Untuk memuluskan semua itu, GPIB perlu membangun kerja sama dengan pemerintah, dengan lembaga agama lain, dan lembaga gereja lain. Mendorong jemaat untuk aktif dalam berorganisasi di luar organisasi gereja, mendukung dan mendoakan pemerintah, Ikut aktif memerangi hoax dalam memasuki di IR 4.0 atau Revolusi Industri Era ke 4.
Dinamika yang terjaring dalam diskusi tentang Gereja dan Politik, kata Pdt Stephen Sihombing, mulai dari soal pendidikan politik tidak berjalan GPIB, alergi dengan politik, tidak mendukung Warga Jemaat berpolitik.
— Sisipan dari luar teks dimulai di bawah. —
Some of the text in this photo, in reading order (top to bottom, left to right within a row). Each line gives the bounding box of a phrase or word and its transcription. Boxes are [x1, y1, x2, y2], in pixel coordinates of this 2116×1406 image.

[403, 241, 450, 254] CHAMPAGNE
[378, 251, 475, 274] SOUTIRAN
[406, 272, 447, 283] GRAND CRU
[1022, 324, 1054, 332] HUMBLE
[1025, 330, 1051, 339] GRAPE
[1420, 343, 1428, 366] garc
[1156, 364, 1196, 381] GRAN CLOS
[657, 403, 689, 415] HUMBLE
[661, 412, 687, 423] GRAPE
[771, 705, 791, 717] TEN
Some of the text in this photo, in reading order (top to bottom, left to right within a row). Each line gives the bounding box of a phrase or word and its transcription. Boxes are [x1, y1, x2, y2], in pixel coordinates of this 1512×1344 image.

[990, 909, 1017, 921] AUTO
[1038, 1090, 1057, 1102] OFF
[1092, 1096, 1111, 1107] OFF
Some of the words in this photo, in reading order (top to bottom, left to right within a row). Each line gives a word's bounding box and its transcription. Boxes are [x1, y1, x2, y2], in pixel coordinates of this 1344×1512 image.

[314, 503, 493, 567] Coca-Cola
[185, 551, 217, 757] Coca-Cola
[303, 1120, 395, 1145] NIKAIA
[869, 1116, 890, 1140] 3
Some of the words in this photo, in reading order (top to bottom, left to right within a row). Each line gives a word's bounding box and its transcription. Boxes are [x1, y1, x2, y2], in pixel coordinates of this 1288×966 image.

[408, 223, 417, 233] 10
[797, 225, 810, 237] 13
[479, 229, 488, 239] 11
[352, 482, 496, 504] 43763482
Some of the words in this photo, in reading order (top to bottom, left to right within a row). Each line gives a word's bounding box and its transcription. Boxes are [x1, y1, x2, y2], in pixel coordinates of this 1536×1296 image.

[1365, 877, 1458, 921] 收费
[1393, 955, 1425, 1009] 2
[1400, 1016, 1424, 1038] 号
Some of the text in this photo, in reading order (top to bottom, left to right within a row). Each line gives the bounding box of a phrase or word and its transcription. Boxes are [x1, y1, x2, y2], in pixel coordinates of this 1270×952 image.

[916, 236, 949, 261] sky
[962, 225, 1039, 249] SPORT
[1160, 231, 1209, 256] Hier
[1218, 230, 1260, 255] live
Hal lain menjadi sorotan dalam Konferdal itu, GPIB perlu memahami agar politik tidak menjadi yang tabu.
Refleksi Teologisnya, kata Pdt Stephen menunjuk teks firman Tuhan, dari Yer 29 : 7, kesejahteraan adalah Idiom Politik. Untuk menyejahterakan harus bergaul aktif, selain aktif bergaul harus tetap berdoa.
“Politik untuk kebaikan. Kesejahteraan lingkungan akan berimabas pada kesejahteraan kita. Semua bertujuan untuk kesejahteraan di mana kita tinggal. Orang merdeka yang menggunakan kebebasan untuk kebaikan bersama,” tandas KMJ Bethesda Jakarta Pusat mengutip 1 Petrus 2 : 16 “Hiduplah sebagai orang merdeka dan bukan seperti mereka yang menyalahgunakan kemerdekaan itu untuk menyelubungi kejahatan-kejahatan e mereka, tetapi hiduplah sebagai hamba Allah.”
Tidak hanya itu, Konferdal juga menyentuh permasalahan yang terjadi saat ini berkaitan dengan persoalan penutupan GPIB Anugerah Bekasi dan GPIB Cawang Baru.